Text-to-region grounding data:

◆ ◆ ◆ ◆ ◆

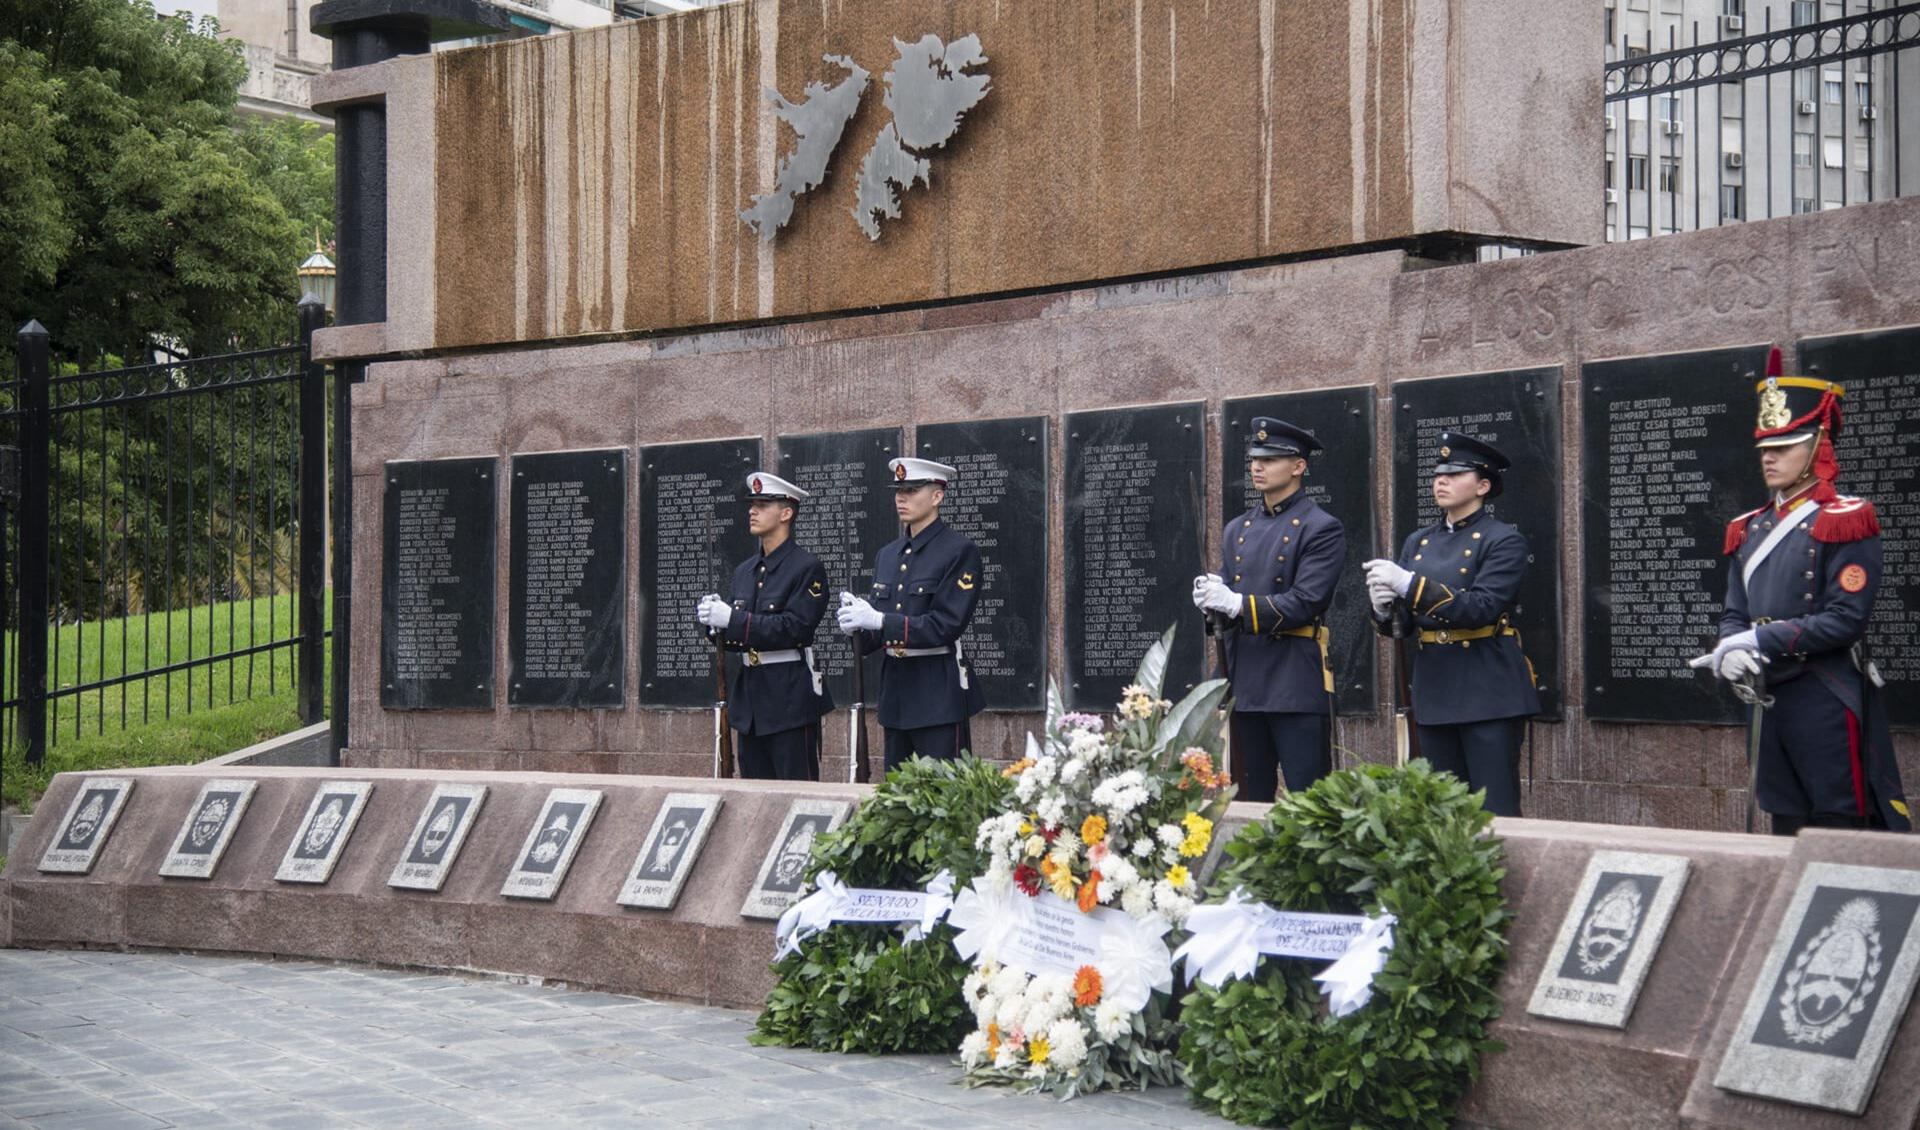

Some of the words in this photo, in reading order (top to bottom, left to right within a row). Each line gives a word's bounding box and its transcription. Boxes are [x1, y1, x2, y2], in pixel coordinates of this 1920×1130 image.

[1473, 285, 1561, 347] LOS
[1633, 398, 1671, 410] RESTITUTO
[1462, 413, 1493, 424] EDUARDO
[1495, 412, 1512, 422] JOSE
[1609, 410, 1650, 422] PRAMPARO
[1652, 407, 1689, 419] EDGARDO
[1691, 404, 1727, 416] ROBERTO
[1465, 424, 1479, 434] LUIS
[1610, 422, 1641, 433] ALVAREZ
[1644, 419, 1669, 430] CESAR
[1672, 417, 1705, 428] ERNESTO
[1478, 433, 1497, 443] OMAR
[1610, 433, 1638, 444] FATTORI
[1641, 430, 1670, 441] GABRIEL
[1674, 427, 1708, 439] GUSTAVO
[1610, 443, 1644, 454] MENDOZA
[1610, 455, 1629, 465] RIVAS
[1634, 452, 1668, 464] ABRAHAM
[1671, 450, 1697, 461] RAFAEL
[1609, 465, 1628, 475] FAUR
[1631, 464, 1649, 474] JOSE
[1652, 462, 1675, 473] DANTE
[1610, 475, 1642, 486] MARIZZA
[1646, 474, 1669, 484] GUIDO
[1672, 472, 1704, 483] ANTONIO
[1647, 484, 1672, 495] RAMON
[1676, 482, 1711, 493] EDMUNDO
[1648, 495, 1681, 505] OSVALDO
[1684, 493, 1708, 504] ANIBAL
[1418, 507, 1442, 517] VARGAS
[1609, 509, 1620, 518] DE
[1622, 507, 1649, 517] CHIARA
[1652, 505, 1686, 516] ORLANDO
[1610, 518, 1640, 528] GALIANO
[1644, 517, 1661, 527] JOSE
[1636, 528, 1663, 538] VICTOR
[1666, 527, 1684, 537] RAUL
[1610, 540, 1643, 550] FAJARDO
[1646, 539, 1666, 549] SIXTO
[1670, 538, 1696, 548] JAVIER
[1610, 551, 1633, 561] REYES
[1635, 550, 1658, 560] LOBOS
[1661, 550, 1680, 559] JOSE
[1610, 562, 1643, 572] LARROSA
[1646, 561, 1670, 571] PEDRO
[1673, 560, 1716, 570] FLORENTINO
[1611, 573, 1633, 582] AYALA
[1636, 572, 1656, 582] JUAN
[1659, 571, 1701, 581] ALEJANDRO
[1647, 583, 1667, 592] JULIO
[1670, 582, 1696, 592] OSCAR
[1610, 594, 1650, 603] RODRIGUEZ
[1653, 593, 1680, 603] ALEGRE
[1684, 593, 1711, 602] VICTOR
[1610, 605, 1629, 614] SOSA
[1633, 605, 1658, 614] MIGUEL
[1663, 604, 1685, 613] ANGEL
[1691, 604, 1723, 613] ANTONIO
[1611, 637, 1627, 646] RUIZ
[1631, 637, 1663, 646] RICARDO
[1666, 637, 1699, 646] HORACIO
[1611, 648, 1652, 657] FERNANDEZ
[1655, 648, 1676, 657] HUGO
[1679, 648, 1707, 657] RAMON
[1612, 669, 1632, 678] VILCA
[1636, 669, 1668, 678] CONDORI
[1671, 669, 1695, 678] MARIO
[852, 894, 919, 908] SENADO
[1545, 985, 1584, 1002] BUENOS
[1587, 991, 1617, 1007] AIRES

◆ ◆ ◆ ◆ ◆

_What the task requires_
Pictures omitted, give the entries again exactly.

_Reply to the exercise_
Some of the words in this photo, in reading order (top to bottom, left to right within a row). Each line gives a word's bounding box and its transcription. Boxes are [x1, y1, x2, y2], in pixel coordinates of this 1920×1130 image.

[1473, 285, 1561, 347] LOS
[1633, 398, 1671, 410] RESTITUTO
[1462, 413, 1493, 424] EDUARDO
[1495, 412, 1512, 422] JOSE
[1609, 410, 1650, 422] PRAMPARO
[1652, 407, 1689, 419] EDGARDO
[1691, 404, 1727, 416] ROBERTO
[1465, 424, 1479, 434] LUIS
[1610, 422, 1641, 433] ALVAREZ
[1644, 419, 1669, 430] CESAR
[1672, 417, 1705, 428] ERNESTO
[1478, 433, 1497, 443] OMAR
[1610, 433, 1638, 444] FATTORI
[1641, 430, 1670, 441] GABRIEL
[1674, 427, 1708, 439] GUSTAVO
[1610, 443, 1644, 454] MENDOZA
[1610, 455, 1629, 465] RIVAS
[1634, 452, 1668, 464] ABRAHAM
[1671, 450, 1697, 461] RAFAEL
[1609, 465, 1628, 475] FAUR
[1631, 464, 1649, 474] JOSE
[1652, 462, 1675, 473] DANTE
[1610, 475, 1642, 486] MARIZZA
[1646, 474, 1669, 484] GUIDO
[1672, 472, 1704, 483] ANTONIO
[1647, 484, 1672, 495] RAMON
[1676, 482, 1711, 493] EDMUNDO
[1648, 495, 1681, 505] OSVALDO
[1684, 493, 1708, 504] ANIBAL
[1418, 507, 1442, 517] VARGAS
[1609, 509, 1620, 518] DE
[1622, 507, 1649, 517] CHIARA
[1652, 505, 1686, 516] ORLANDO
[1610, 518, 1640, 528] GALIANO
[1644, 517, 1661, 527] JOSE
[1636, 528, 1663, 538] VICTOR
[1666, 527, 1684, 537] RAUL
[1610, 540, 1643, 550] FAJARDO
[1646, 539, 1666, 549] SIXTO
[1670, 538, 1696, 548] JAVIER
[1610, 551, 1633, 561] REYES
[1635, 550, 1658, 560] LOBOS
[1661, 550, 1680, 559] JOSE
[1610, 562, 1643, 572] LARROSA
[1646, 561, 1670, 571] PEDRO
[1673, 560, 1716, 570] FLORENTINO
[1611, 573, 1633, 582] AYALA
[1636, 572, 1656, 582] JUAN
[1659, 571, 1701, 581] ALEJANDRO
[1647, 583, 1667, 592] JULIO
[1670, 582, 1696, 592] OSCAR
[1610, 594, 1650, 603] RODRIGUEZ
[1653, 593, 1680, 603] ALEGRE
[1684, 593, 1711, 602] VICTOR
[1610, 605, 1629, 614] SOSA
[1633, 605, 1658, 614] MIGUEL
[1663, 604, 1685, 613] ANGEL
[1691, 604, 1723, 613] ANTONIO
[1611, 637, 1627, 646] RUIZ
[1631, 637, 1663, 646] RICARDO
[1666, 637, 1699, 646] HORACIO
[1611, 648, 1652, 657] FERNANDEZ
[1655, 648, 1676, 657] HUGO
[1679, 648, 1707, 657] RAMON
[1612, 669, 1632, 678] VILCA
[1636, 669, 1668, 678] CONDORI
[1671, 669, 1695, 678] MARIO
[852, 894, 919, 908] SENADO
[1545, 985, 1584, 1002] BUENOS
[1587, 991, 1617, 1007] AIRES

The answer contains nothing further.